Tom Cruise is the reason to see “Rock of Ages,” the movie version of a Broadway jukebox musical built around 1980s hair-band hits.
First glimpsed in a bejeweled black-leather codpiece and not much else, Cruise is a sight to see as burned out rocker Stacee Jaxx, who has turned hedonism into a fine art.
Whether he's groping the ever-present bevy of groupies, draining yet another bottle of Scotch, inspiring his pet monkey to new acts of terrorism, or making loopy small talk with his sleazy manager (“Have these people even met themselves?”), Cruise is fully committed to the role. He's one of the few characters in this over-the-top tunefest you can believe.
He's jaw-droppingly good belting out hits like “Pour Some Sugar on Me,” “Wanted Dead or Alive” and “I Wanna Know What Love Is” in a very pleasing tenor voice. And he has all the pelvis-grinding, mike-stand-waving, hair-tossing moves to go with them.
But despite an improved script that departs quite a lot from the Broadway version, director Adam Shankman (“Hairspray” musical movie) faces an uphill battle turning a weak story and cardboard characters into something more than period-piece snark used as glue between hit tunes.
By the way, “More Than Words” is not a 1980s hit, no matter how nicely Julianne Hough coos it.

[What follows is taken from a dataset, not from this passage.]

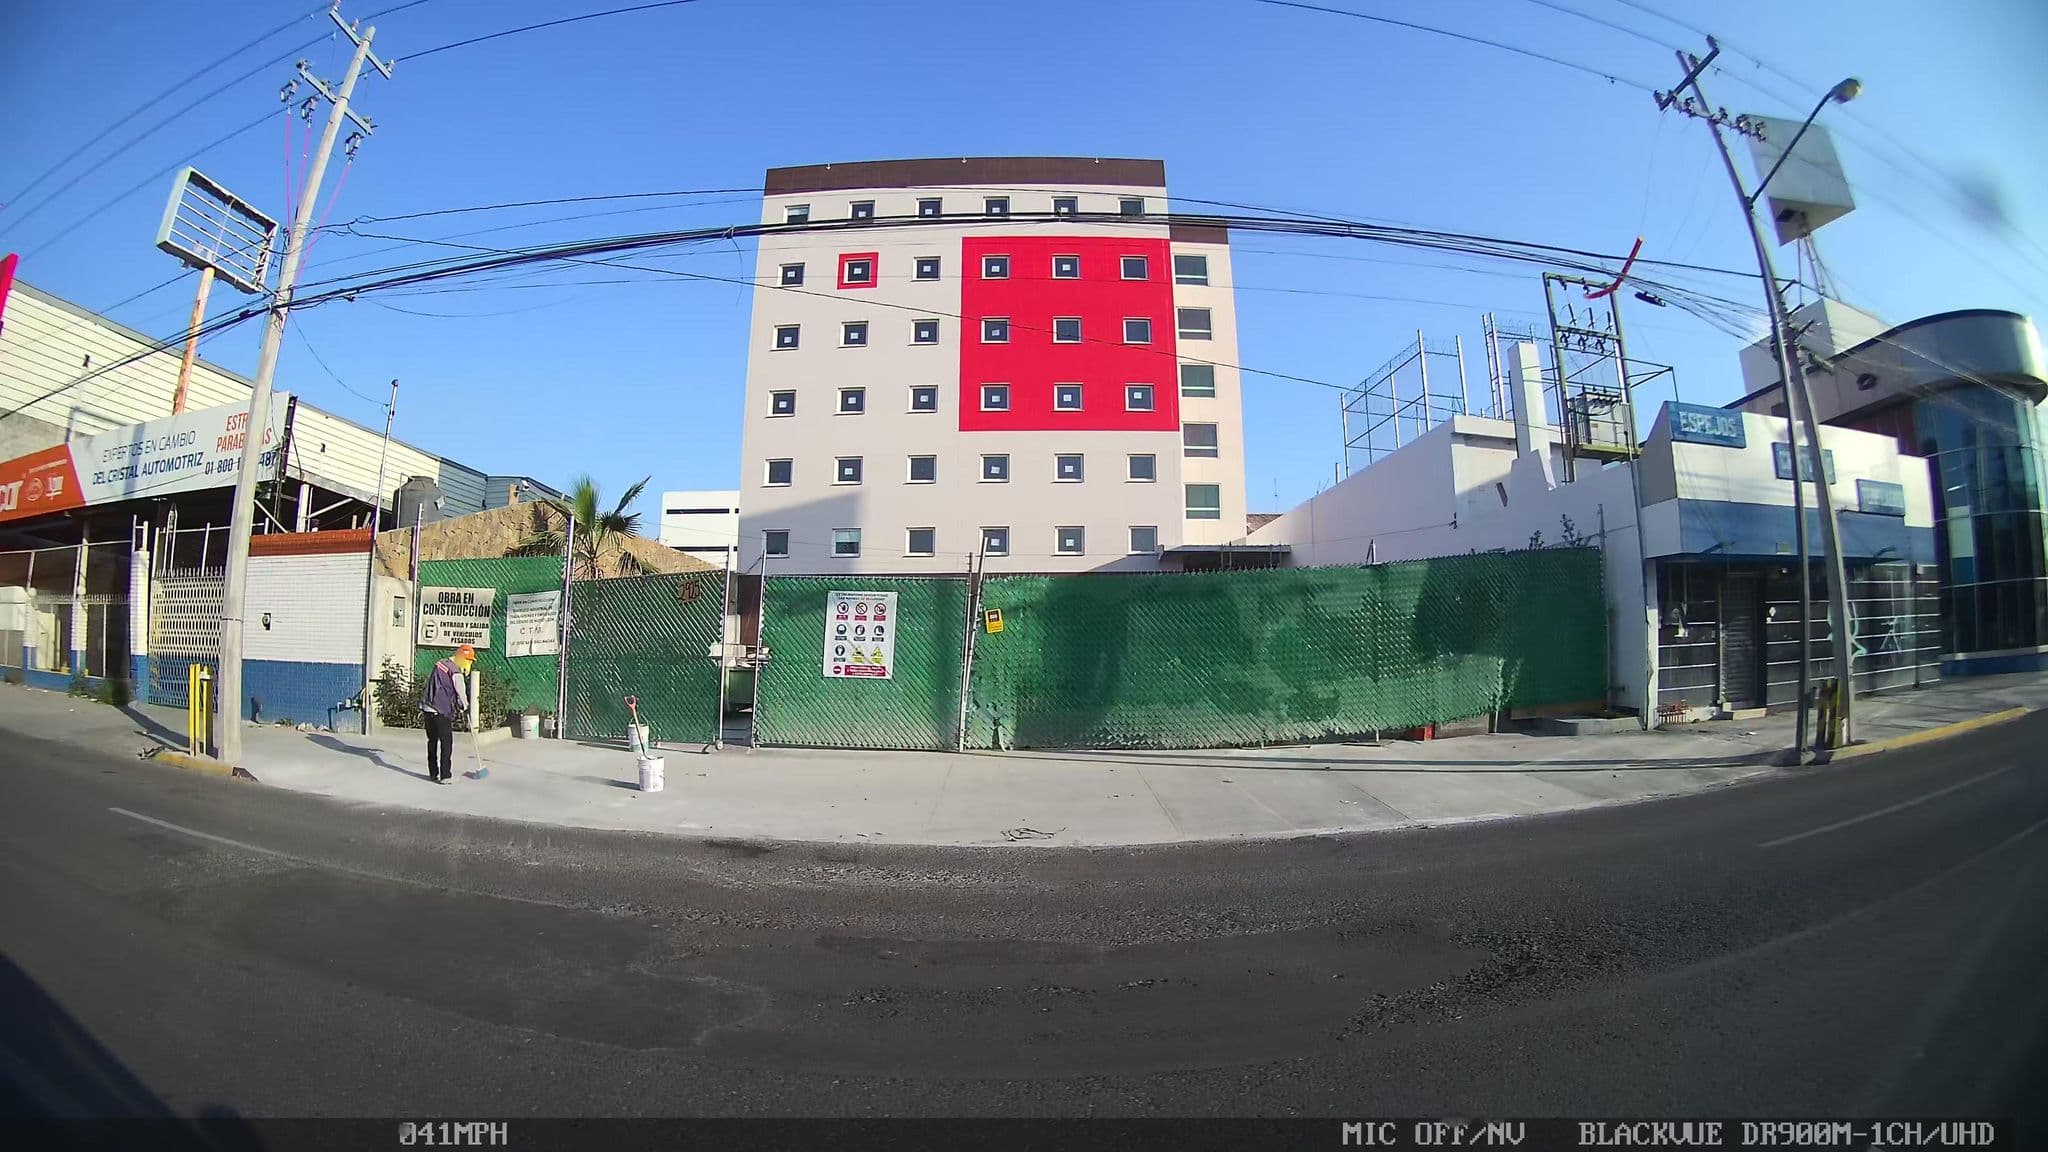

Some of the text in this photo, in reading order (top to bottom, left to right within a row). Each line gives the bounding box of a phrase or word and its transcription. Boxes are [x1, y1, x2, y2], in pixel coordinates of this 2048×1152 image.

Stereotypes abound. There's the young small-town innocent, Sherrie (Hough), who dreams of making it big as a singer in L.A., only to have her suitcase stolen just after getting off the bus.
There's the handsome bartender, Drew (Diego Boneta, too fresh-faced to fit a hard-rock role), who rescues her and gets her a job waitressing at the legendary Bourbon Room on Sunset Strip, only to get his heart stomped on.
Catherine Zeta-Jones chews scenery as a newly invented character, the reformist wife of the Los Angeles' mayor (philanderer Bryan Cranston), whom you just know has a dark secret in her past as she tries to close the Bourbon Room.
Alec Baldwin has fun as Dennis, the cynical, broke owner of the Bourbon Room, and Russell Brand is his wisecracking sidekick, Lonny. Mary J. Blige belts out a few anthems as owner of a strip bar who takes Sherrie in when love hits the rocks. Least believable, Malin Ackerman is a Rolling Stone reporter who lays a little truth on Stacee Jaxx. Her character is also new to the piece.
Jaxx is supposed to be the Bourbon Room's salvation, as his band does one last gig before he goes solo. But sleazy manager Paul (Paul Giamatti, rising above stereotype with sheer acting skill) will do anything to line his pockets.
Yeah, it's surprising how well Giamatti and Baldwin and especially Cruise sing, and the fresh-faced romantic leads are appealing.
But the movie stretches on too long for the thin story, and the gag of old songs in new contexts wears off.
An opening scene in which Sherrie starts singing on her all-night bus ride to L.A., only to have the other passengers join in, had a preview crowd snickering early. It's like that scene in “The Sound of Music” when the baron's party guests all sing and wave “Good night” on cue. And it gets the same eye roll here.
Still, fun is fun, and “Rock of Ages” has its share of laughs. The nostalgia-inducing hits will please a certain demographic. And Cruise will leave most people thinking they got their money's worth.